Mrs. Annegers is a woman of unusual refinement and education, having taught the past few years in the public schools of Wenona and Chicago. Mr. Annegers is a man of sterling character and had the highest regard of everyone in this vicinity and among his many friends in Canada. The couple will be home to their many friends after September 15th at 1014 N. Seminary St., Galesburg, Illinois.

HE DROWNED: The remains of Ernest Reese, the 10 year old son of Mrs. Beulah Reese of Media, were interred in the cemetery following services at the Media M. E. Church. Since the death of the father several years ago, the boy had been an inmate of an orphanage located at Mooseheart, Ill. and he met his death through drowning at that place on July 15th.

HUBAN CLOVER RAISED: Experiments in raising Huban clover is being carried out by E. G. Lewis of Media Township. Mr. Lewis used a drill in planting the seed last spring and he has had a large force of men and boys employed recently in weeding and had cultivating the crop.

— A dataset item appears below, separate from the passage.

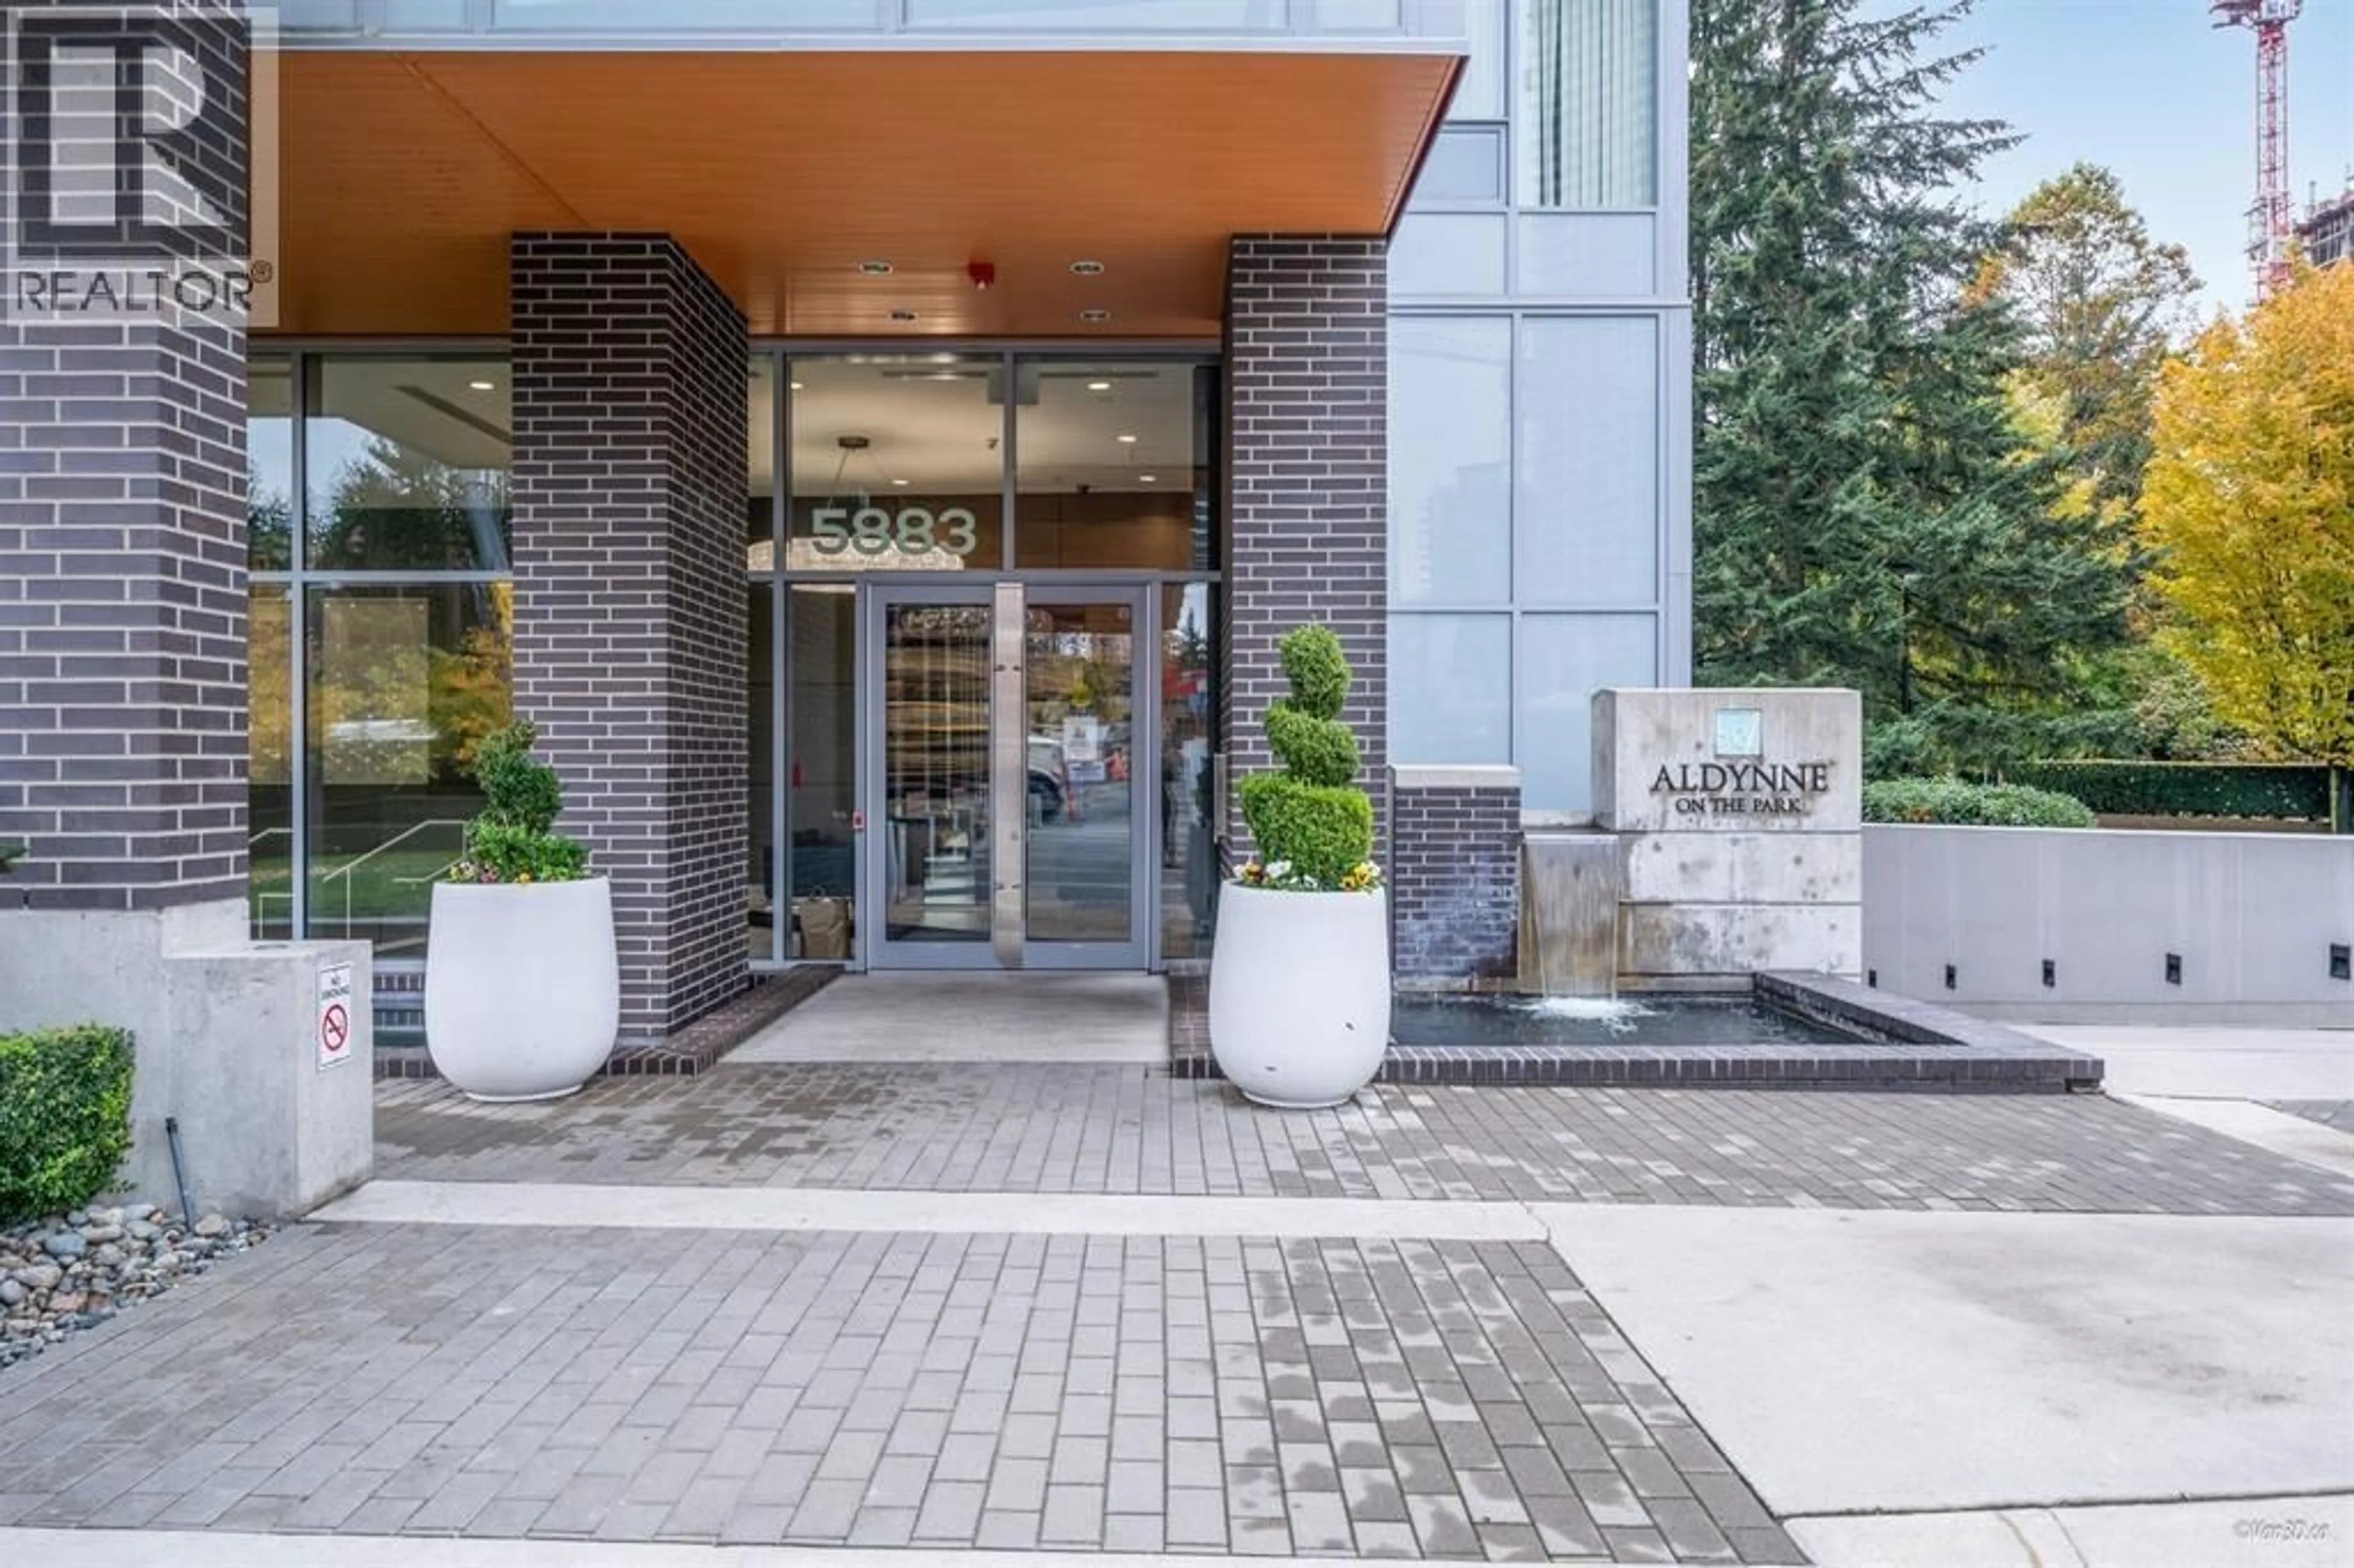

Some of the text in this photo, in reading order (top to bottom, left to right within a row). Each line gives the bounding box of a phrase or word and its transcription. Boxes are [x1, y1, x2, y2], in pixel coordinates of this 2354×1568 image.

(From the Monmouth Atlas) "Perhaps the largest acreage of Hubam Clover being grown in this part of the state is in Henderson County on the E. G. Lewis and associates who have 30 acres of Hubam growing from seed. The crop was seeded on April 15th and was almost two feet high on June 22nd and on this very day an article appeared in the Drovers Journal stating that there were about 4,000 acres growing in the United States. Should these 4,000 acres produce five bushels per acre, it would only be enough to seed Warren County. . .E. G. Lewis says, "While Kanred Wheat brought into the county by their company and others has made thousands of dollars for the farmers of Henderson and Warren Counties, he feels that Hubam Clover promises even greater results. Hubam Clover bids fair to make good on $500 land. (Name of clover spelled two ways.)

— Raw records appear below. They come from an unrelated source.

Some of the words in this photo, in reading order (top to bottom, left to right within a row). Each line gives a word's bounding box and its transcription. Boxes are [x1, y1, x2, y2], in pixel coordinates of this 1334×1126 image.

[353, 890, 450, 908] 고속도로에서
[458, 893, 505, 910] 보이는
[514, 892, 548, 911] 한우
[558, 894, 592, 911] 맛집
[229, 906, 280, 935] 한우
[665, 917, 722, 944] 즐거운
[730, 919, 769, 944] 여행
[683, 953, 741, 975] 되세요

LOCAL AND AREA NEWS: Chris Apt of Terre Haute is attending summer normal at Macomb; Miss Fannie Cooper is staying with the Apt family in his absence. John Voorhees, who is a railroad employee out of Peoria and his brother Joe of Toluca, Ill. spent part of the week with their uncle, J. H. Voorhees at his farm southeast of town. Mr. and Mrs. Ivan Carter, who were called here by the illness and death of Mrs. Carter's mother, Mrs. J. H. Voorhees, have returned to Springfield, Mo. where Mr. Carter has employment with a firm of Hereford cattle breeders who are conditioning a number of animals for the fall cattle shows. C. B. Vaughn of Lomax, who has been in the Burlington Hospital with a badly infected foot, is reported to be much improved. Roy Fisher, son of Mrs. G. W. Fisher of Roseville, formerly of this place and Miss Katherine Little of Little York, Ill., were married at Monmouth; they will reside in Roseville where Mr. Fisher is engaged in the grocery business.

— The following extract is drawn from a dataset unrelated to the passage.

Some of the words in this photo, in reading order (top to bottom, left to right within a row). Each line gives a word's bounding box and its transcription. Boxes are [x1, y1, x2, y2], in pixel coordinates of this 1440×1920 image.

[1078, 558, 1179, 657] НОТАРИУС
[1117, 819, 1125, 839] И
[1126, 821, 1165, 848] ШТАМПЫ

1896 GRAPHIC: C. J. Victor Johnson of Stronghurst died on July 21st from injuries received during the previous week when he was kicked and trampled by a cow. J. N. Derr, the former Henderson County man wanted for forgery at Monmouth, was arrested at Cripple Creek, Colo. Monmouth Township in Warren County has decided to construct 3,000 feet of hard road running west from the city to the township line, a width of seven feet in the middle of the road to be paved with brick and a strip of three feet on each side of the brick to be built of crushed stone. Wm. Wright returned here after an extended visit to his old home in Pennsylvania. The Misses Jennie Hellier, Hortense Harbinson, Annis Drew and Bessie Graham had been employed as teachers in the Stronghurst School for the coming year.